Scripture tells us ‘It is not good for man to be alone’ (Gen 2: 18) and let’s face it, ministry is lonely business. The disciples were sent out in twos (Matt. 10) and even when there are two of you it can still be a lonely existence as we shoulder the weight of Kingdom responsibilities and the fragility of peoples lives. Sometime ago a retired Officer told me Officership used to be high profile and low stress but these days the reverse is true, it is low profile and high stress.

Shared ministry is the better way, the preferred way. But these days it is becoming less unusual for married couples to be given separate appointments for numerous reasons and therefore possibly working alone even when both partners are Officers. Single spouse Officership affords some of us opportunities that would otherwise be denied. And although one partner is not an Officer it does give us support, understanding, companionship, and a spiritual partner who believes in us and encourages us to be the best we can be for the Kingdom and the Army.

For me being married to a non-Officer has opened up doors to opportunities that are unlikely to have been mine otherwise. It has introduced me to people from different walks of life and cultures, with interests that were previously unknown to me. It has given me a whole new realm in friendship evangelism because prior to marriage my life evolved simply in my ministry and my people, there was not time or space for others.

Now there has to be, and this has given me an understanding and a richness to life that otherwise could have passed me by. Ministry is a lonely business and I have no doubt for all of us at times whether single, married, single spouse or other, we know what it is to feel so very, very alone. Those of us who have been Officers any length of time know what the Sunday evening syndrome is like. No matter how good a day we have had, possibly through exhaustion, physical, mental, emotional, spiritual we know what it is to hit rock bottom, possibly because we have given so much of ourselves throughout the day. Coming home to an empty house can be devastating. I wonder over the years how many Officers have been lost through sheer loneliness?

As a seven year old I knew that God wanted me to be a Salvation Army Officer. As a child, a young person preparing for my future, career officers at school were somewhat bemused at me being so adamant that this is what I wanted to do and everything else was merely preparation for the great day when I could begin to fulfill my God given calling. It is now twenty six years since my commissioning day and I am as certain of my calling now as I was then.
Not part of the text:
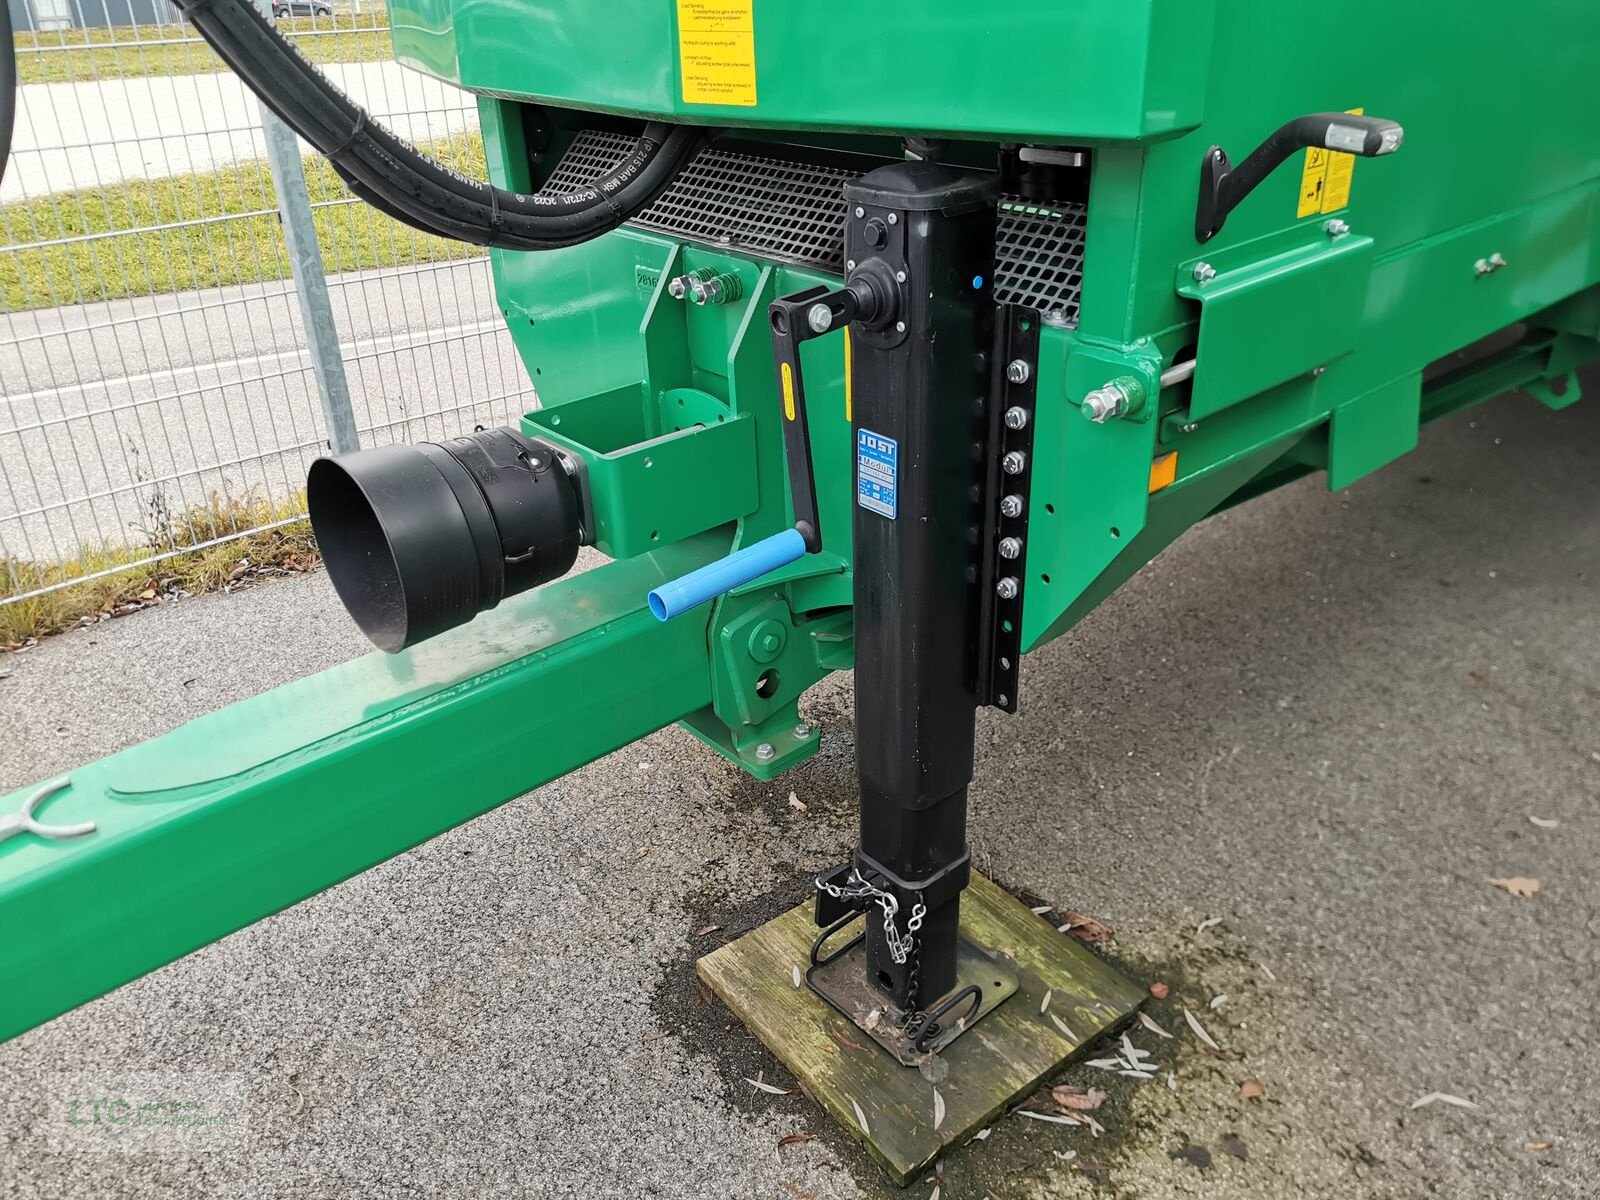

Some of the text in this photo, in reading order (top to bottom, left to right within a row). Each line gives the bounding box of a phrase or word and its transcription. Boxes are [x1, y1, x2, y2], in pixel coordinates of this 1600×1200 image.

Today I thank God because of a change in SA policy I am still able to fulfill my calling that has not changed. Had this not been the case, I would have had to decide between my life long calling or the opportunity of love. Should people really be put under such unnecessary pressure to make such impossible choices? ‘Two are better than one’ as we read in Proverbs …

Was I fulfilled as a single Officer? Yes! Did I enjoy my ministry? Yes! Are there advantages to being single that are lost in marriage? Yes! Do I believe single Officers have a valid and important ministry? Yes! Would I do it all over again as a single Officer? Yes! Nearly two years into married life, knowing what I know now would I do it all over again? Yes! Has marriage added to my life? Yes! Has it added to my ministry? Yes!

I have been introduced to a ‘bigger’ Army through travel, through the introduction of new friends from different cultures, backgrounds and traditions within TSA. I have been privileged to preach in the United States on three occasions … attend the Swedish Congress … visit TSA in Latvia, take humanitarian supplies and 49 uniforms for new soldiers and now be a part of my husband organizing a mission trip to Latvia in the summer arranging for people to do both practical work and ministry. My eyes have been opened and more than ever I have been reminded how proud I am to be Army as I have witnessed more of the ministry and work we are involved in. All of this in less than two years of marriage. No wonder I feel my feet haven’t touched the ground. I have no doubt other single spouse Officers could record many other experiences that have been theirs and has brought about a different insight to their ministry too.